Now, for myself, I suppose having come closer to my ideal concerning bottom lip/lip plate pressure, I could try to revert to the three position grip ( I started off that way) but I'd rather spend the time fixing my weaker points :)
I should also say I have my right thumb about half way between "behind" and "under". This seems to suit the length of my fingers, and my right hand pinky. I obviously "push" a wee bit, but since I can hold on to the flute comfortably away from my chin without using fingers except the right pinky, I am clearly not pushing against the chin as in the three contact point idea.
Finally, and please excuse me for rabbiting on *again*, the whole way you hold the flute is probably related to whether you rotate it at all for pitch control. If you don't, the three point method maybe easier than it is for people who do rotate.... any other comments on this?
I agree with Ruth- more women on panels!!!! Atleast more people with small hands would be a start! and I hope someone can get Jeanne Baxtresser to do it.
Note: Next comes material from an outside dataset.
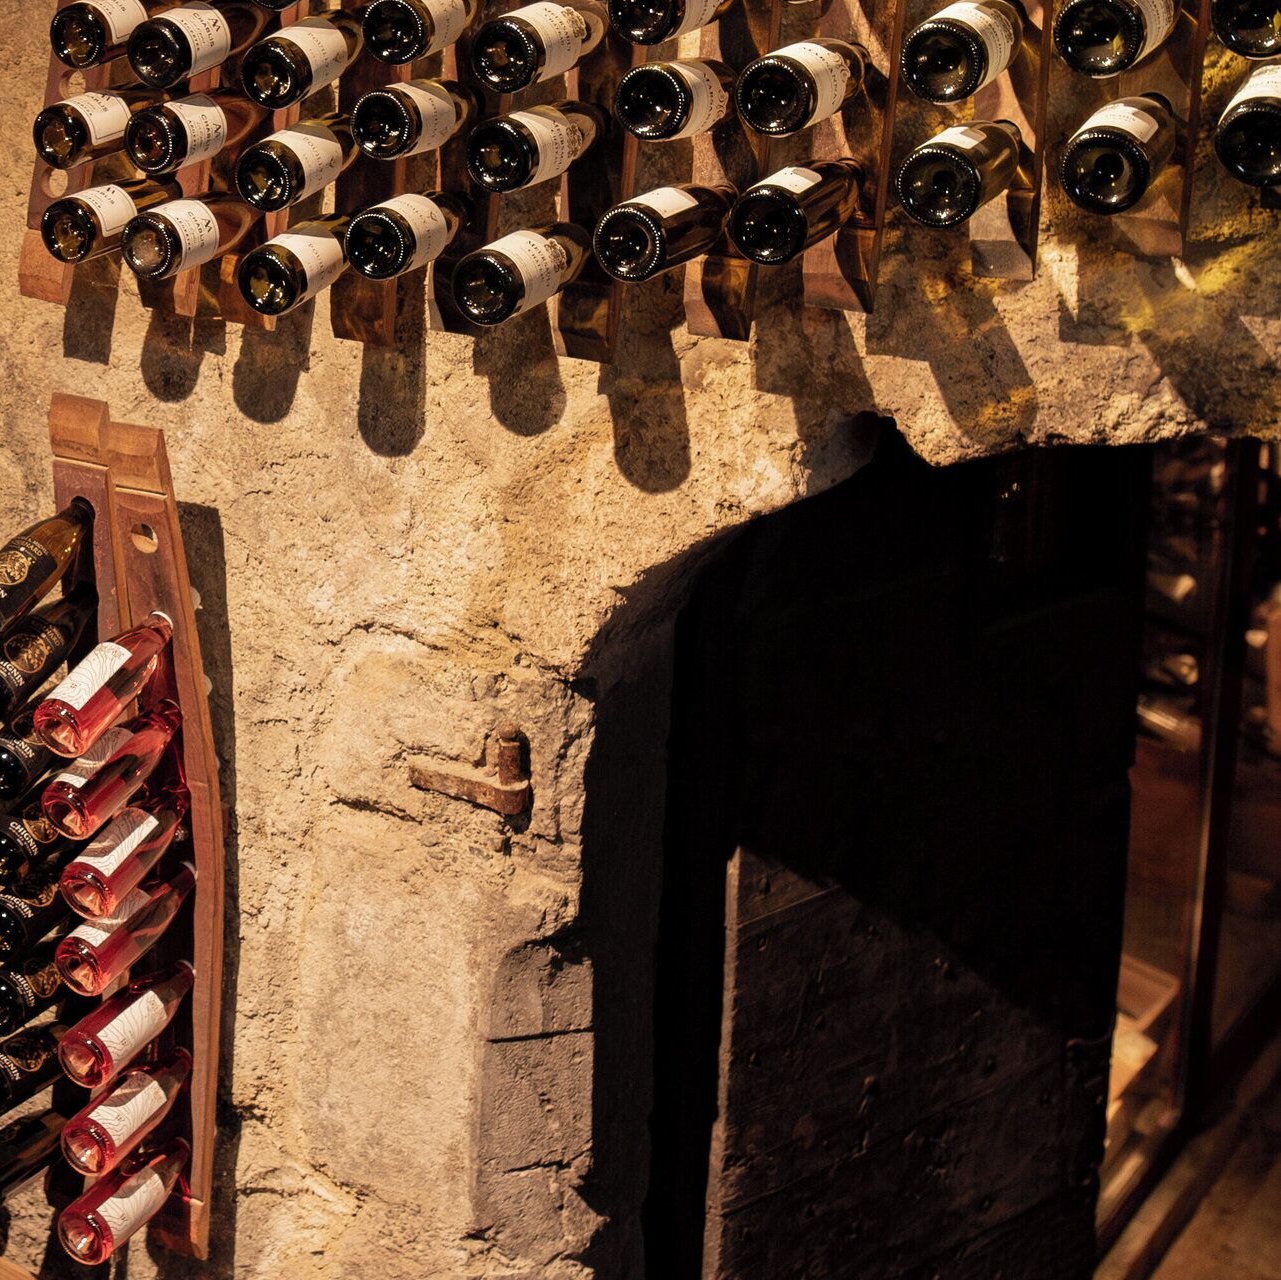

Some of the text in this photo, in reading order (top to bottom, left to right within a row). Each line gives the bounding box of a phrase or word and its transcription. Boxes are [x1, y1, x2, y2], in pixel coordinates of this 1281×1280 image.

Her flute is heavily modified, and she is very happy about it...
Alexa Still on Interpretation:
Judy asks about ideas concerning student's abilities to do the interperetive stuff by themselves...
I approach my teaching with that as the goal... Basically my teaching is limited to tertiary and adult students, so I don't know how far you can push this on younger ones really...
I start off *demanding* that they listen *a lot* and get accustomed to working from scores (ie piano parts etc). This is something Thomas Nyfenger insisted upon, and I think it makes very good sense. In the beginning I make suggestions as to different possibilities- I hope this gets them thinking, *and* realising that there isn't a "right" way necessarily but it does have to be thought out and very convincing. I try to move gradually into challenging the ideas the students arrive at... we eventually spend a lot of time experimenting with different ideas over a portion of the piece, and I leave them to figure out the whole thing. It is very hard work- it means that I have to play (attempting to demonstrate various ideas) quite a lot, and there is quite a lot of talking besides just getting through what the student has prepared. We always run out of time... And, it can be very hard to maintain an air of encouragment while pointing out what might be perhaps less than successful. I think I've mostly had a student for a year already by the time we get to this stage, so by then we can do it all in good humour. When treading close to damaging delicate personality/sense of confidence, I find exaggeration, and the resultant laughter goes a very long way! Any way, to quit rambling here, I think students can do their own work on interperetation, but excepting those rare talented wonders who are naturals, it takes a while to get there. I think, in the end, this is most important. In the end , we all have to teach ourselves!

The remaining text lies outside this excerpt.